Updates On Journaling – Beware of Traps – Do It Right

In my search for best self-care practices, I’ve recently learned some things about journaling that gave me pause.

Some of my journaling practices may have been harming.  Eurich explains in her book about self-awareness that journaling has some traps that can suck insight out of experiences.

Her research showed that it can increase self-reflection, but not insight.

The Right & Wrong Ways to Journal 

One researcher who has studied journaling for decades found …

  • journaling for learning and growing yields the best results.
  • journaling used as an outlet to discharge emotions or for ruminating on the negative creates a trap.

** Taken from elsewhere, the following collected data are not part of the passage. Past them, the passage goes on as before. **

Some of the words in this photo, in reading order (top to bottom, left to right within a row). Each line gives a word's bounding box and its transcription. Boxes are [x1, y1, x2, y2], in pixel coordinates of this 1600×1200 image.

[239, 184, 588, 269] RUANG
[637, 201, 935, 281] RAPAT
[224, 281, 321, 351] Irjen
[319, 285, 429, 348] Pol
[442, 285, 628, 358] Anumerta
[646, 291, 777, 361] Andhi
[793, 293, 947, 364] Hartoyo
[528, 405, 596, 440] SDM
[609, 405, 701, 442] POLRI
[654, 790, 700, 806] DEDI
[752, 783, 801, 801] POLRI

When experiencing a challenge, journaling can be a good exercise to explore one’s deepest thoughts and feelings while mining for new directions. Best practices were

  •  20-30 minute intervals
  • every few days (not daily)

This kind of expressive writing was found to improve:

 

  • memory
  • grade point averages
  • absenteeism
  • re-employment
  • tennis games
  • immune systems

 

 

Those who benefit most tend to start with an incoherent , disorganized perceptions of a problem and finish with a coherent, meaningful narrative. 

 

 

Gratitude Journaling 

“Gratitude is the third eye of seeing”  – a statement I recently heard that has stuck.

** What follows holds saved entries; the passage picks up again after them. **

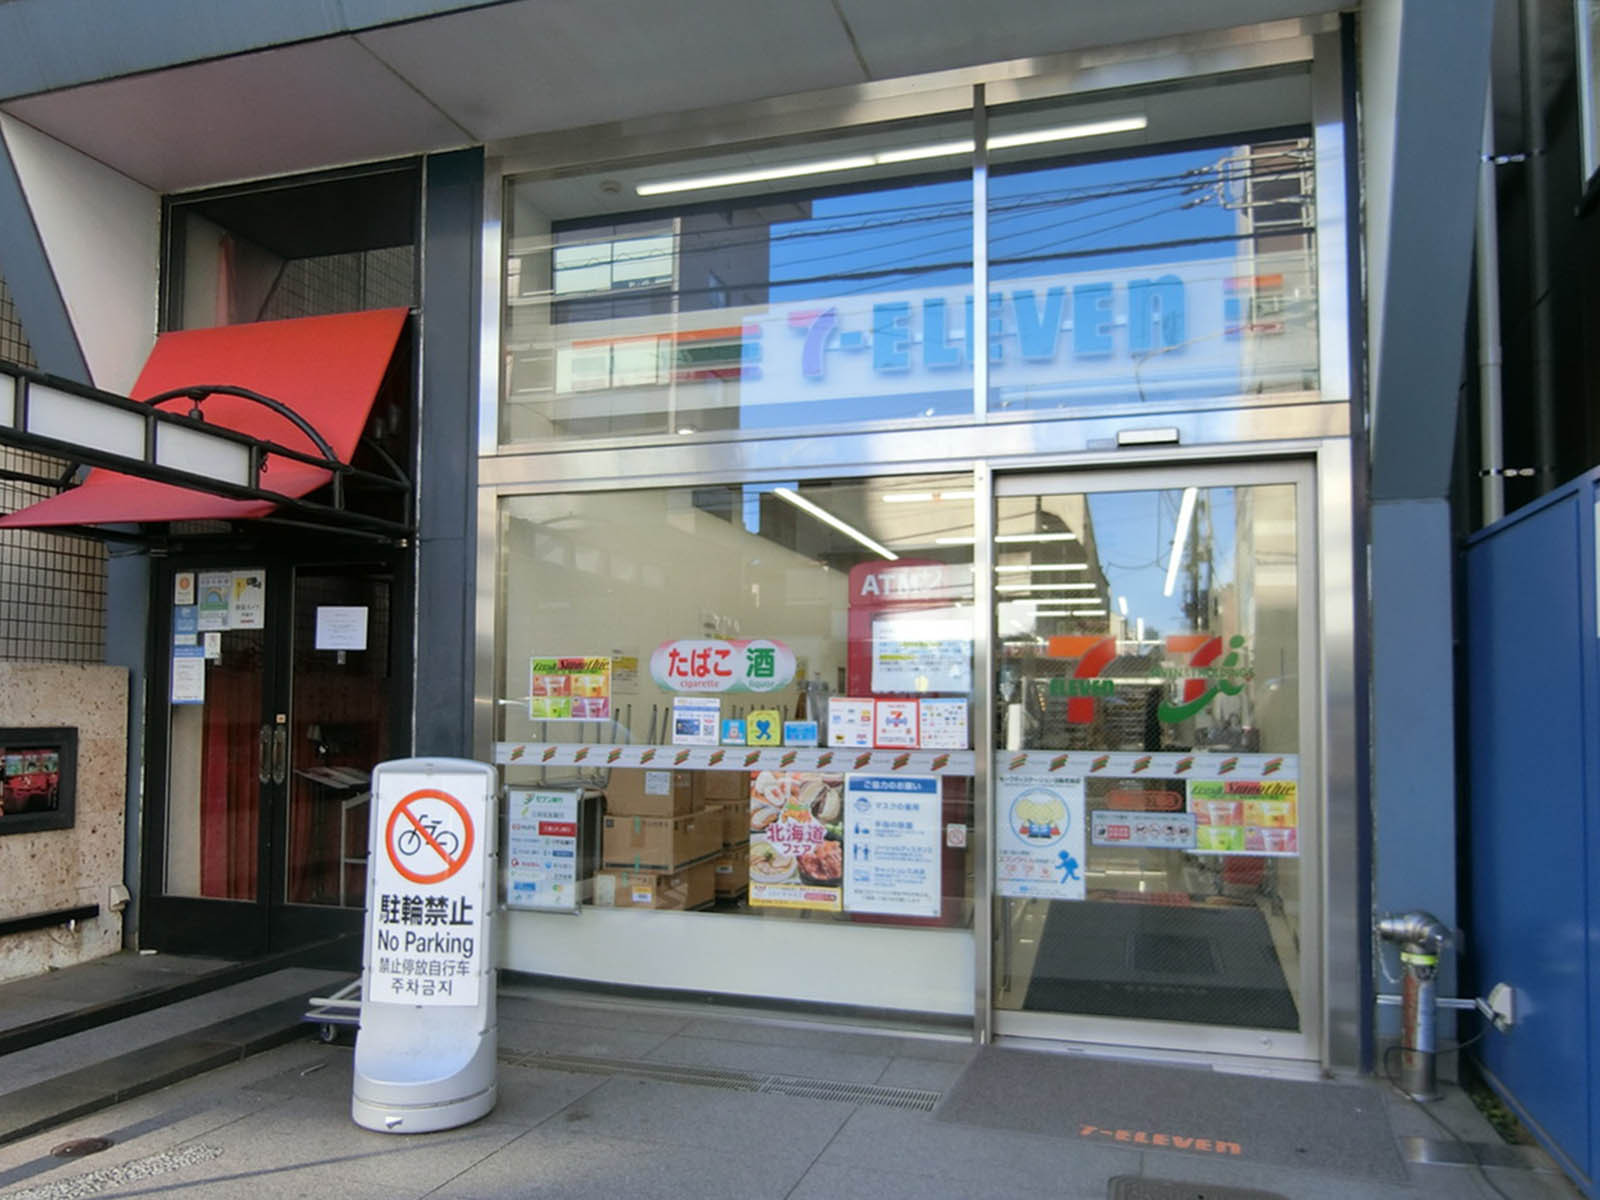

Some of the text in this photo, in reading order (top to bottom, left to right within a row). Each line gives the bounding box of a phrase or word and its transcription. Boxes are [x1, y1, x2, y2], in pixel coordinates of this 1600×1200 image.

[668, 646, 776, 678] たばこ 酒
[767, 824, 826, 844] 北海道
[782, 843, 812, 855] フェア
[380, 894, 473, 926] 駐輪禁止
[377, 929, 475, 958] No Parking
[379, 957, 470, 977] 禁止停放自行车
[391, 977, 453, 996] 주차금지

Gratitude journaling is a practice that I recently read about used with new grads for experiential learning, personal growth and professional development.

We know that Oprah has been professing the benefits of Gratitude Journaling for years.

” … what we focus on expands, the more we celebrate gratitude, the more blessings come into our lives.”

Gratitude journaling steers us away from wallowing in self-pity.  Maya Angelou once told Oprah, “Stop crying right now and say thank you.  You know that God always puts a rainbow in every cloud.”